| El peligro del puerto. |
Sin embargo, Juan Clímaco abordó esta pregunta [la del
último párrafo anterior] en su Gradus II,
en donde habla: “Sobre la ausencia de apegos apasionados o sobre la ausencia de
la tristeza” [93]. | Aprospátheia no es lo mismo que apátheia.
El primero niega el afecto hacia alguna cosa o persona en particular; es un
concepto relacionado con el individuo. El segundo, considera al alma en sí
misma, da cuenta de que en ella ya no hay ningún pathos, ninguna enfermedad
moral, ninguna marca ni reflexión inmediata que esté fuera del dominio de la
razón; se trata de un concepto absoluto y universal |.
Existen una gran cantidad de objetos y multitud de
personas por los cuales no tenemos ningún sentimiento natural (aprospatheís),
pero esto no demuestra que hayamos hecho algo mínimo para avanzar hacia la
impasibilidad. Pues nuestra frialdad hacia la mayoría de los individuos
proviene sencillamente del hecho de que todas nuestras fuerzas afectivas están
concentradas en un pequeño grupo de personas; o sobre una sola: nuestro propio
yo. El estoico puede que trate de extinguir en sí la fuente misma de la
afectividad, pues para él ésta es contraria a la razón o a la naturaleza
universal. Pero el cristiano no busca sino invertir el sentido del movimiento
afectivo, apartándolo de la vanidad creada para dirigirlo por completo hacia el
Creador.
Aquel que tiene por bien comenzar a amar a Dios, aquel que tiene por bien el dedicarse a hallar el reino por venir, aquel que tiene por bien padecer a causa de sus faltas del pasado, aquel que tiene por bien aceptar con seriedad los pensamientos sobre el castigo y juicio eternos, aquel que tiene por bien aceptar el temor de su propia muerte, aquel es alguien que ya no ama más, ni se preocupa más ni se impacienta por nada más: ni por el dinero ni por las posesiones materiales, ni por sus padres ni por la gloria de esta vida, ni por sus amigos ni por sus hermanos. Toda relación, todo interés por estas cosas las ha alejado de sí y las rechaza; más aún su propia carne. A todas estas cosas las ha descartado y está desprovisto de toda preocupación, de tal manera que puede avanzar alegremente tras los pasos de Cristo. Y lo hace teniendo sus ojos siempre elevados al cielo, en donde espera lo seguro, según lo dijo un santo: “Mi alma está adherida a ti” [Sal. 62:9]; y según también otro autor memorable: “Señor, no me he cansado de seguirte, no deseo parar ni un día ni tampoco quiero el descanso del hombre” [94].

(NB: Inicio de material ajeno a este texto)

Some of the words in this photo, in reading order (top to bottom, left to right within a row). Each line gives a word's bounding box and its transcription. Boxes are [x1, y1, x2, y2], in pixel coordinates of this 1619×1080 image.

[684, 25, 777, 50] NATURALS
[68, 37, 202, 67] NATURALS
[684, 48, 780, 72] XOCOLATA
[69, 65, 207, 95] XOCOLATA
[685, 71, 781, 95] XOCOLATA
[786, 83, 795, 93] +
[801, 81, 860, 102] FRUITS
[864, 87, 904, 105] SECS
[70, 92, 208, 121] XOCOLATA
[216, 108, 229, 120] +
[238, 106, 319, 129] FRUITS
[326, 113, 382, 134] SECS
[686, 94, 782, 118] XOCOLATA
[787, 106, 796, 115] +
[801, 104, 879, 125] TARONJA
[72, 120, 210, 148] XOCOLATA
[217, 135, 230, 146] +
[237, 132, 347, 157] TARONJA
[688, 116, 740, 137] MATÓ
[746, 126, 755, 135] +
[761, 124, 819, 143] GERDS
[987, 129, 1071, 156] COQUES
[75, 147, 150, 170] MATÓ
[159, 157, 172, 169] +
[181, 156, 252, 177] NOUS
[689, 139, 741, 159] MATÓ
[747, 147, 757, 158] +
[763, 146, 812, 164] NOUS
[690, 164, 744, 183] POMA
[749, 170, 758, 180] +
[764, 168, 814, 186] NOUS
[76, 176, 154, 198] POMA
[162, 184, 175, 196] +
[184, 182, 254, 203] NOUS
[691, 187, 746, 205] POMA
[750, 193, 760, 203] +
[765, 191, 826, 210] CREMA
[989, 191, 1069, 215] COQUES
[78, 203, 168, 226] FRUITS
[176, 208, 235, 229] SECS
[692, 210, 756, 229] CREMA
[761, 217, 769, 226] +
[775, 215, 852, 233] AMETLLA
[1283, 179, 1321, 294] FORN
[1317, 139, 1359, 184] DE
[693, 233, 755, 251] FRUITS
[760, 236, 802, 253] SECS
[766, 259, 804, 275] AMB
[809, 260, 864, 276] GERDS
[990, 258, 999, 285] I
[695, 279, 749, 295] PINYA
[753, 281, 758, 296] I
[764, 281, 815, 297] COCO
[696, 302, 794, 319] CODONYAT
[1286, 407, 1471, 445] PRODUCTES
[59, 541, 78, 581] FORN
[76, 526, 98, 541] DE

Es una gran vergüenza el que luego de haber abandonado todas estas cosas para aceptar una vocación que nos viene del Señor y no de hombre alguno, vayamos a atender aquello que no nos será de ninguna ayuda en el momento de mayor necesidad; es decir, a la hora de nuestra muerte. Esto es lo que el Señor ha denominado el volverse para atrás, y quien lo hace no es apto para el reino de los cielos [Lc. 9:62]. El Señor conoce la facilidad con que damos pasos en falso al principio, y sabe muy bien que rápidamente regresaríamos al mundo si viviésemos -o simplemente nos encontrásemos- con las personas que pertenecen a éste. Por eso le dijo a quien le pidió permiso para enterrar a sus muertos: “Deja que los muertos entierren a sus muertos” [Mt. 8:22].
El signo del apego enfermizo [a una persona u objeto]

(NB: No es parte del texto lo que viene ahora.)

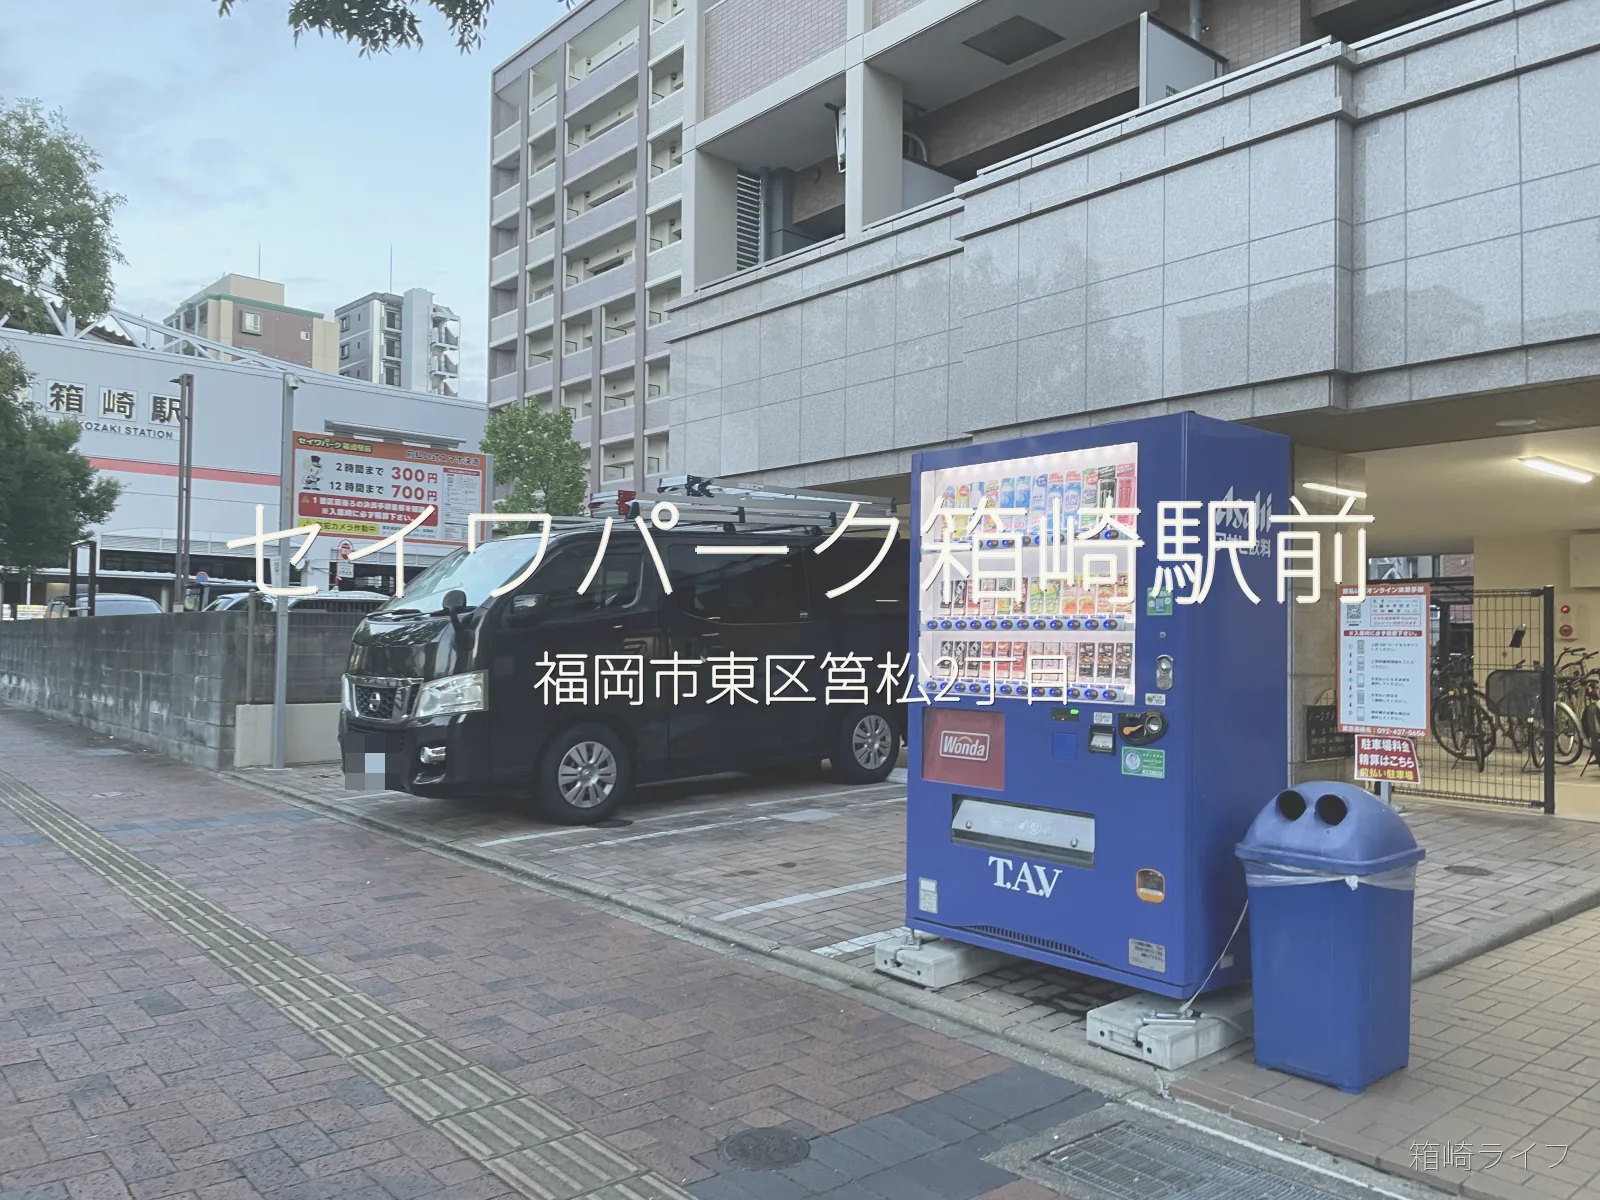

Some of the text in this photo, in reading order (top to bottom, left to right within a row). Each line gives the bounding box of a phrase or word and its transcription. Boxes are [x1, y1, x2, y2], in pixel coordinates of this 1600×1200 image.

[50, 382, 181, 423] 箱崎駅
[124, 426, 173, 439] STATION
[336, 462, 384, 476] 2時間まで
[391, 466, 438, 484] 300円
[329, 481, 437, 502] 12時間まで 700円
[942, 735, 986, 757] Wonda
[1361, 738, 1411, 753] 駐車場料金
[1359, 753, 1415, 768] 精算はこちら
[1360, 767, 1414, 780] 前払い駐車場

es la tristeza que genera, ya sea tarde o temprano (sobre todo temprano).
Quien rechaza al mundo ya ha escapado a la tristeza. Y quien, por el contrario, conserva el apego a algo visible, todavía no ha escapado de la tristeza. ¿Cómo podría evitar entristecerse al verse privado de lo que ama? Es preciso que siempre efectuemos una fuerte vigilancia [nēpsis], principalmente en todas aquellas situaciones en las que nos conviene estar atentos. En el mundo hemos visto a más de uno que, debido a sus ocupaciones, preocupaciones, distracciones y labores materiales, podía esquivar la locura de los cuerpos [la pasión sensual/sexual]. Pero cuando con toda amerimnía vinieron a la vida solitaria, lamentablemente se vieron mancillados por los movimientos carnales. ¡Tengamos cuidado de que, luego de comprometernos en avanzar por el camino estrecho y penoso, no nos extraviemos y sigamos por la ruta ancha y espaciosa! [95].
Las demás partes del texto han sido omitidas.